**EXERCISE DETAILS**. Without changing anything, transcribe all of the entries.

**EXTRACTED DATA**.
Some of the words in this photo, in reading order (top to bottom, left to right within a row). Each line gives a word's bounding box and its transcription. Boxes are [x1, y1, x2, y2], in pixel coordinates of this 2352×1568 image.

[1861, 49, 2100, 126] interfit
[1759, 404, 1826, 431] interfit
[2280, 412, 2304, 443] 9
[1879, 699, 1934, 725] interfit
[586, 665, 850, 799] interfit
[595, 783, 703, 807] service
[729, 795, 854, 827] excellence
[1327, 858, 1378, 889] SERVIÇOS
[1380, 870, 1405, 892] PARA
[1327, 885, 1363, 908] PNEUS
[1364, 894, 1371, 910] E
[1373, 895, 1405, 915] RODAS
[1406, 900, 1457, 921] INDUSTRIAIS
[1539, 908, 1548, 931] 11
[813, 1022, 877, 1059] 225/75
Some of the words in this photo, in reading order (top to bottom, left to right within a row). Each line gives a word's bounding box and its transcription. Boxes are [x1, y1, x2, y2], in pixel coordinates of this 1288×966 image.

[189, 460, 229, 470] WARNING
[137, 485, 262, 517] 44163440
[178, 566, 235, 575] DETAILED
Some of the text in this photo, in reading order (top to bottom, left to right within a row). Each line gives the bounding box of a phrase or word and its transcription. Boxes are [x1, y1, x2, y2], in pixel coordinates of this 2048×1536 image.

**ANSWER TO THE PROBLEM**.
Some of the words in this photo, in reading order (top to bottom, left to right within a row). Each line gives a word's bounding box and its transcription. Boxes are [x1, y1, x2, y2], in pixel coordinates of this 2352×1568 image.

[1861, 49, 2100, 126] interfit
[1759, 404, 1826, 431] interfit
[2280, 412, 2304, 443] 9
[1879, 699, 1934, 725] interfit
[586, 665, 850, 799] interfit
[595, 783, 703, 807] service
[729, 795, 854, 827] excellence
[1327, 858, 1378, 889] SERVIÇOS
[1380, 870, 1405, 892] PARA
[1327, 885, 1363, 908] PNEUS
[1364, 894, 1371, 910] E
[1373, 895, 1405, 915] RODAS
[1406, 900, 1457, 921] INDUSTRIAIS
[1539, 908, 1548, 931] 11
[813, 1022, 877, 1059] 225/75
Some of the words in this photo, in reading order (top to bottom, left to right within a row). Each line gives a word's bounding box and its transcription. Boxes are [x1, y1, x2, y2], in pixel coordinates of this 1288×966 image.

[189, 460, 229, 470] WARNING
[137, 485, 262, 517] 44163440
[178, 566, 235, 575] DETAILED
Some of the text in this photo, in reading order (top to bottom, left to right within a row). Each line gives the bounding box of a phrase or word and its transcription. Boxes are [x1, y1, x2, y2], in pixel coordinates of this 2048×1536 image.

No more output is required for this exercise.